Food is always a constant when it comes to different people - EVERYONE needs to eat enough (however this doesn’t mean that somehow food is THE answer to a hardgainers problems…although in general, they do tend to underestimate their metabolism). Not everyone responds to the exact same training stimulus. A hardgainer usually responds to brief routines, done less frequently, in other words, short workouts (less exercises per bodypart or fewer sets, or both) with more rest days (to allow their “fragile” nervous systems to rebound better).

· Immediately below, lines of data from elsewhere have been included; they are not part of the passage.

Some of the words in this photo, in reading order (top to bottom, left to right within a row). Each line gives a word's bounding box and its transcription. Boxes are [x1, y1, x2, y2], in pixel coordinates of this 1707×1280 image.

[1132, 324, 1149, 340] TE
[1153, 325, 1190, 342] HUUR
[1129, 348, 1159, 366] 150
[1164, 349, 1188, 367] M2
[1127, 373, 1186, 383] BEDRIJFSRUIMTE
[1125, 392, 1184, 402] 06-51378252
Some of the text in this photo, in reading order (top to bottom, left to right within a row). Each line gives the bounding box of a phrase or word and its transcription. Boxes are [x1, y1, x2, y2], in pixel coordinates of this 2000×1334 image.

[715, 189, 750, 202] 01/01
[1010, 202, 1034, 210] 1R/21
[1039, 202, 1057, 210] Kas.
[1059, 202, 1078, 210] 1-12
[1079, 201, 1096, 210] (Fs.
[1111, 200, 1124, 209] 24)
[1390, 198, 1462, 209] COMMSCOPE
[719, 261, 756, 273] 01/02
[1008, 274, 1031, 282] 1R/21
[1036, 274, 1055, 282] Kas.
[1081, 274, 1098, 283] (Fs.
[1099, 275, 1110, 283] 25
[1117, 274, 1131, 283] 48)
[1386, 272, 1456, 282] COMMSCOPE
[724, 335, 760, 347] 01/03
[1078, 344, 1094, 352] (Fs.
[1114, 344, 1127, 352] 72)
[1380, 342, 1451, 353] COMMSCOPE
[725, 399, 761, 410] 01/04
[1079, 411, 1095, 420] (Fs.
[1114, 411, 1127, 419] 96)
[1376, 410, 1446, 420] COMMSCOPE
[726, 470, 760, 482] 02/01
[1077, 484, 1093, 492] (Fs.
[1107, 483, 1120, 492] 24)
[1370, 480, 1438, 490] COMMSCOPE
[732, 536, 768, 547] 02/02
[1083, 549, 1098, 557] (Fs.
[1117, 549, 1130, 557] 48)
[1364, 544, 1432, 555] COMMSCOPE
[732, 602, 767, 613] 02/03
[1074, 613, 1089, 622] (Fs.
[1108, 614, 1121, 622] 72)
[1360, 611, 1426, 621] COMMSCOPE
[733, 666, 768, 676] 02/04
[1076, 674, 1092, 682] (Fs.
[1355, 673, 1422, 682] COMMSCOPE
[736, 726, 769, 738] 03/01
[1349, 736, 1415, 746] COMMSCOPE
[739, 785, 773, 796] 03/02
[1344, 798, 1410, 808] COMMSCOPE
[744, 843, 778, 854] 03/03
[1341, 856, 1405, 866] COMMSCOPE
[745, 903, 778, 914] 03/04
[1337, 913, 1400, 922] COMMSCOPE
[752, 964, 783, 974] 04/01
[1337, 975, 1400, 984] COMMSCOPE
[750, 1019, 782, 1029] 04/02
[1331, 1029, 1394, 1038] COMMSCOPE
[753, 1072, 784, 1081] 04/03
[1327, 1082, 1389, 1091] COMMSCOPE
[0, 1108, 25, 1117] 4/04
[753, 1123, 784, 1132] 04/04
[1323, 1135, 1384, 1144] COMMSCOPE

Even if eating enough to gain weight, a hardgainer putting in 100% effort would reach a point of diminishing returns after 3-4 weeks of training 5+ days per week. The exception to this “rule” would be if only 3 of those days in the week were intense (pushing the intensity on 3+ multi-joint movements), if the other 2-3 days were only sessions with a few small isolation exercises, this would be more manageable (in effect, your isolation days are like days off because they have little impact on the nervous system).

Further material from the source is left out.